Identificada la problemática planteada y revisados los antecedentes que cursan en el expediente, se llegó a establecer que ante las solicitudes presentadas por la peticionante de tutela el 5 y 22 de febrero de 2021, la Directora de Transparencia Corporativo DTC-PRS de la estatal petrolera y la autoridad demandada respondieron a las mismas a través de las Notas YPFB-DTC-UPPD 101/2021 y YPFB-DCTJ-065/2021 de 1 y 9 de marzo, adjuntando la documentación requerida.

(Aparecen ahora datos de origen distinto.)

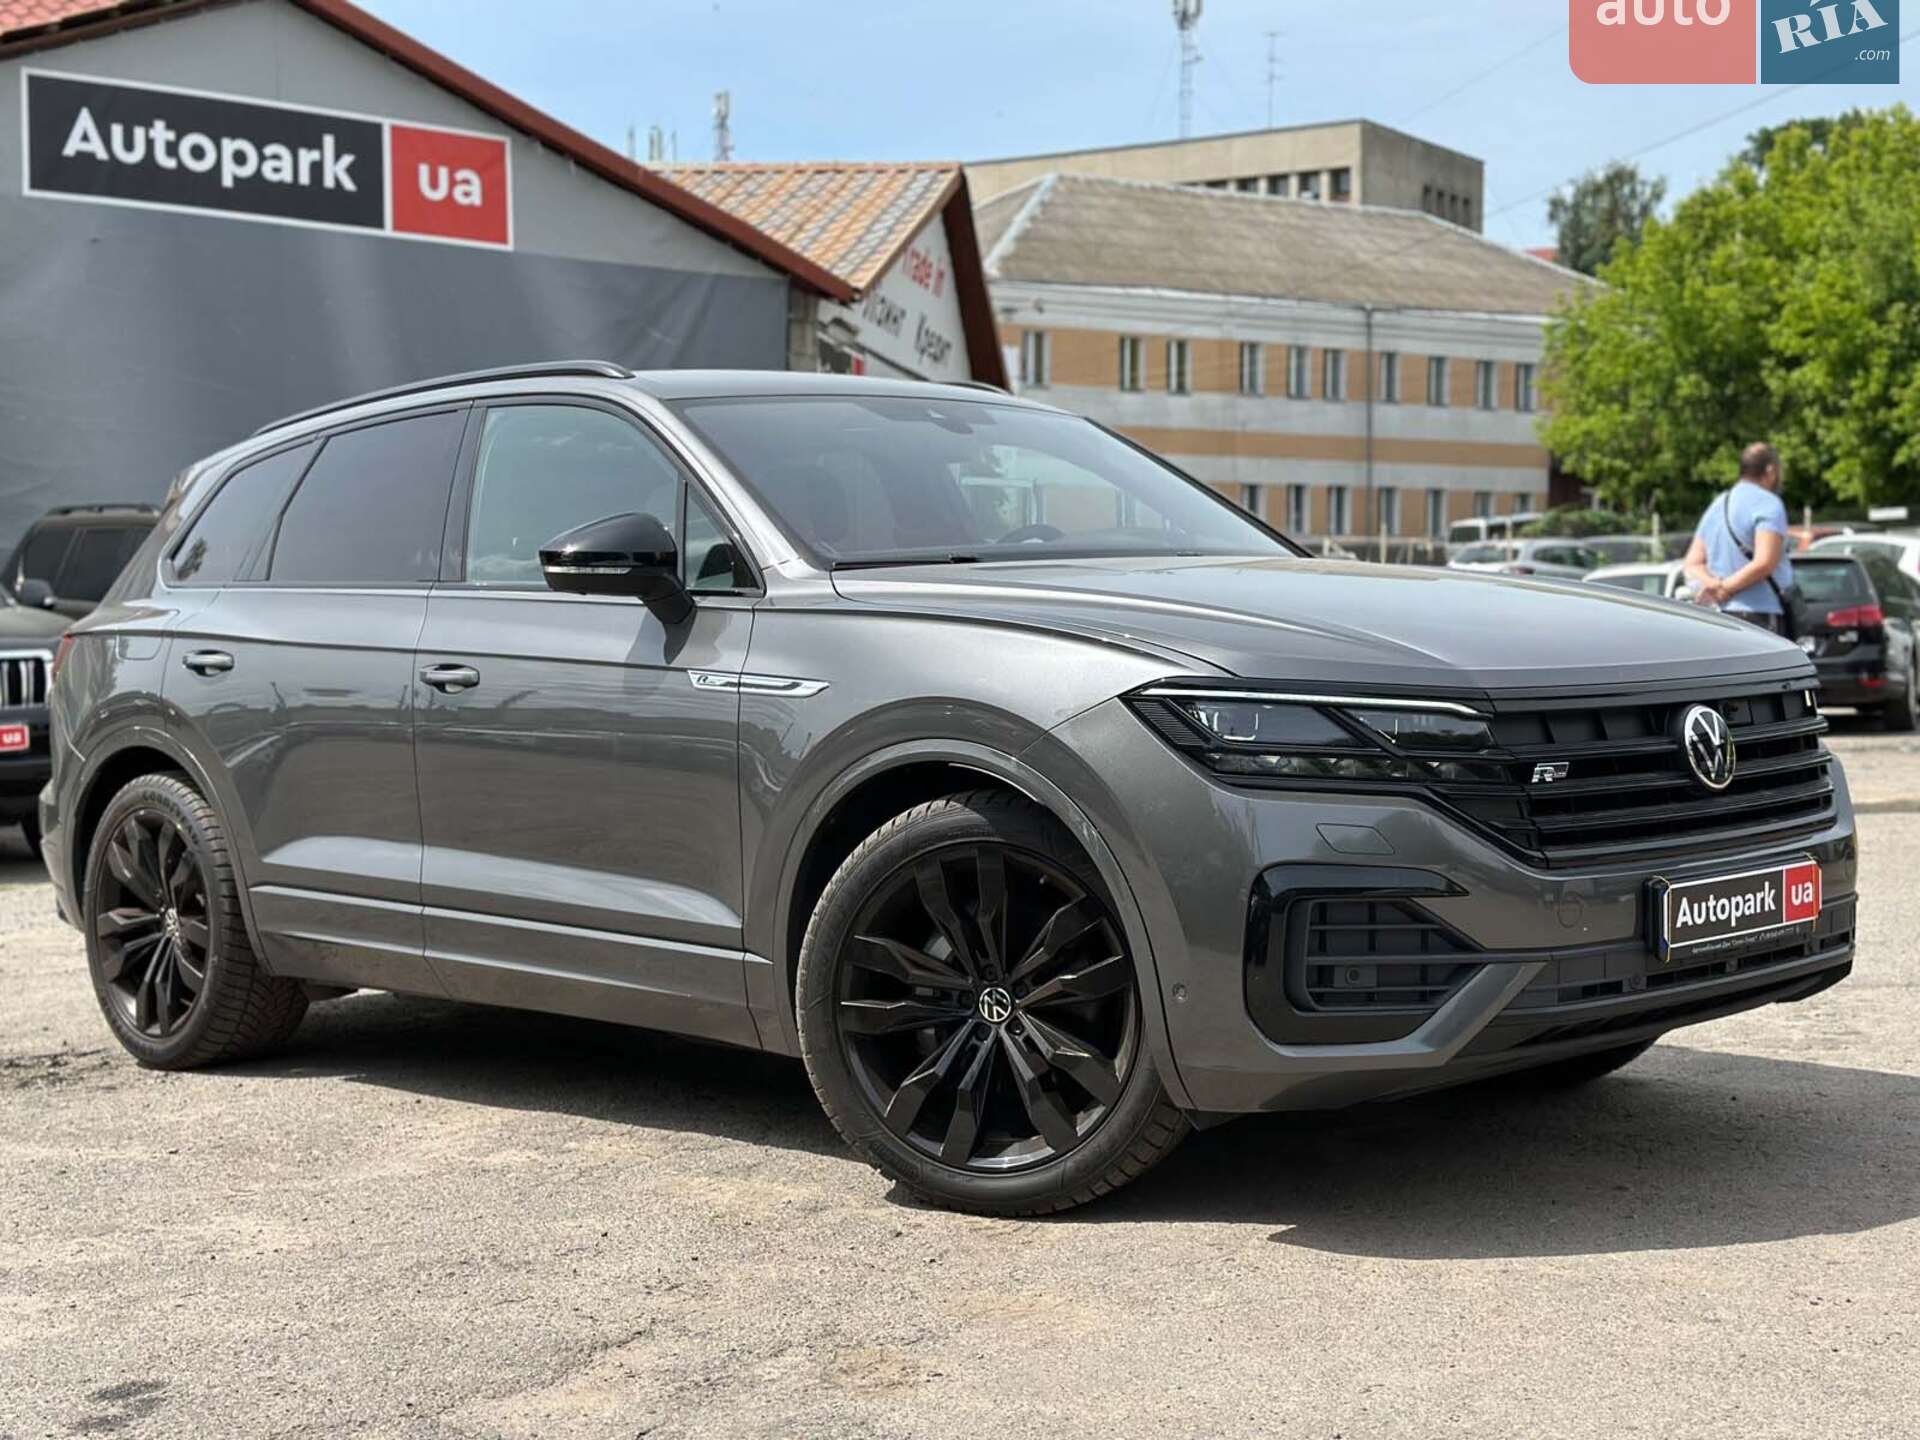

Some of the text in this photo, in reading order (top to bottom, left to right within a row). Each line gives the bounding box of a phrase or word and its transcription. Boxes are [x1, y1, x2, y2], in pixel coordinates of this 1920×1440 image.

Ahora bien, conforme se analizó en la jurisprudencia constitucional glosada en los Fundamentos Jurídicos III.1 y 2 de la presente Sentencia Constitucional Plurinacional, para que la acción de cumplimiento sea procedente el accionante debe hacer alusión a un deber constitucional o legal claro, preciso y exigible a un servidor público, cuya materialización puede estar directa o indirectamente vinculado a la vulneración de derechos fundamentales o garantías constitucionales; a contrario sensu, si la lesión alegada por el agraviado se refiere a la omisión en el resguardo de un derecho de carácter genérico -que no esté protegido por otras acciones de defensa específicas, según previene el art. 66.1 del CPCo-, corresponde la activación de la acción de amparo constitucional por omisión.
Bajo el entendimiento jurisprudencial anotado, el derecho a la petición reconocido en el art. 24 de la CPE y que la impetrante de tutela alega como vulnerado por parte del Distrital Comercial Tarija de YPFB, -quien supuestamente no habría respondido a sus memoriales presentados- se encuentra protegido por la acción de amparo constitucional por omisión, y no así por la acción de cumplimiento; por cuanto, dicha solicitud es de carácter genérico y no contiene un mandato constitucional o legal claro, preciso y exigible; en tal sentido, en el caso que se analiza se evidencia una causal de improcedencia reglada de esta acción tutelar, establecida en el art. 66.4P del CPCo, según lo desarrollado en el Fundamento Jurídico III.3 de este fallo constitucional, al estar el derecho a la petición bajo el ámbito de protección de la acción de amparo constitucional, mecanismo de defensa que es el idóneo y efectivo para la pretensión invocada, en caso de evidenciarse la transgresión del indicado derecho; situación que debió dar lugar a la declaratoria de improcedencia de la acción de cumplimiento de forma directa por parte de la Sala Constitucional Primera del Tribunal Departamental de Justicia de Tarija, inhabilitando así el análisis de fondo de la problemática traída en revisión.
En consecuencia, la Sala Constitucional al haber denegado la tutela impetrada, obró en forma correcta.